Equivariance by Contrast: Identifiable Equivariant Embeddings from Unlabeled Finite Group Actions¶

Conference: NeurIPS 2025
arXiv: 2510.21706
Code: Not provided
Area: Representation Learning / Group Theory
Keywords: Equivariant Representations, Contrastive Learning, Nonlinear ICA, Group Representations, Identifiability

TL;DR¶

Proposes Equivariance by Contrast (EbC), an encoder-only method that jointly learns equivariant embedding spaces and implicit group representations from paired observations \((\mathbf{y}, g \cdot \mathbf{y})\). It aligns finite group actions with invertible linear mappings in the latent space and provides theoretical guarantees for identifiability.

Background & Motivation¶

In many real-world inference problems, relations between observations are governed by structured transformations: rotation/translation in computer vision, gene knockouts in biology, or sensory stimuli in neuroscience.
The goal is to learn equivariant embeddings where the group action corresponds to a linear transformation \(\mathbf{x}' = \mathbf{R}(g)\mathbf{x}\) in the embedding space.
Nonlinear ICA provides a theoretical foundation for this problem, but requires additional structural assumptions to make it solvable.
Limitations of prior work: CARE is restricted to orthogonal representations, STL permits non-linear equivariant relations, and NFT requires learning a generative model.
An approach is needed that is encoder-only, free from generative models, devoid of group-specific inductive biases, and applicable to general linear group representations.

Core Problem¶

How to learn an encoder \(\phi\) and group representation \(\mathbf{R}'\) from paired observations \((\mathbf{y}, g \cdot \mathbf{y})\) with unknown group elements \(g\), such that \(\phi(g \cdot \mathbf{y}) = \mathbf{R}'(g)\phi(\mathbf{y})\) holds with identifiability guarantees.

Method¶

Data Assumptions and Problem Setup¶

Data is provided in batches, each containing \(n+1\) pairs of samples \(\{(\mathbf{y}_i, \mathbf{y}'_i)\}\), where all pairs in the same batch undergo the same group action \(g\).
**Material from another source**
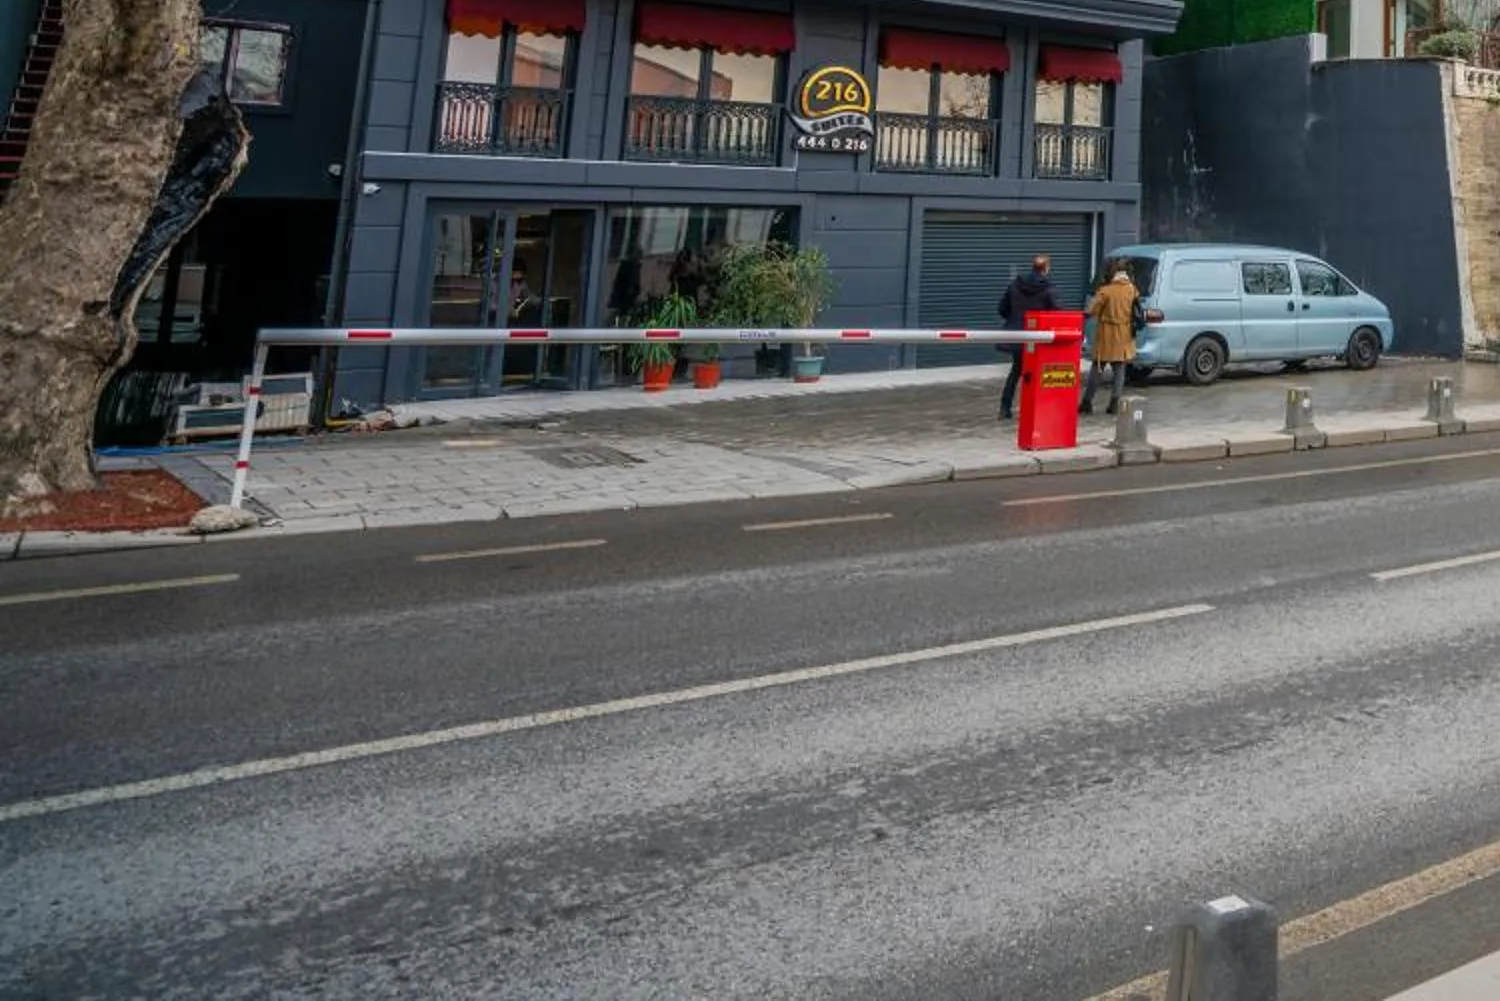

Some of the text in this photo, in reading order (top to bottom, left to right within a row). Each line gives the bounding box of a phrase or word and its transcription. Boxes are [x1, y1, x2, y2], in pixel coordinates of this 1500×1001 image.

[816, 81, 858, 102] 216
[797, 135, 826, 148] 444
[845, 138, 867, 150] 216
The data generation process is:

\[\mathbf{y}_i = \mathbf{f}(\mathbf{x}_i), \quad \mathbf{y}'_i = \mathbf{f}(\mathbf{R}(g)\mathbf{x}_i)\]

where \(\mathbf{f}\) is an unknown non-linear mixing function, and \(\mathbf{R}: G \to \text{GL}(d, \mathbb{R})\) is the linear representation of the group.

Implicit Group Representation Estimation¶

The group representation matrix is estimated from the encoded sample pairs using least-squares regression:

\[\hat{\mathbf{R}}(\mathbf{X}, \mathbf{X}') = \arg\min_{\mathbf{R} \in \text{GL}(d)} \|\mathbf{X}' - \mathbf{X}\mathbf{R}^\top\|_F^2 = (\mathbf{X}^\top\mathbf{X})^{-1}(\mathbf{X}^\top\mathbf{X}')\]

where \(n\) sample pairs are used to estimate \(\hat{\mathbf{R}}\), and the remaining 1 pair is used as a query.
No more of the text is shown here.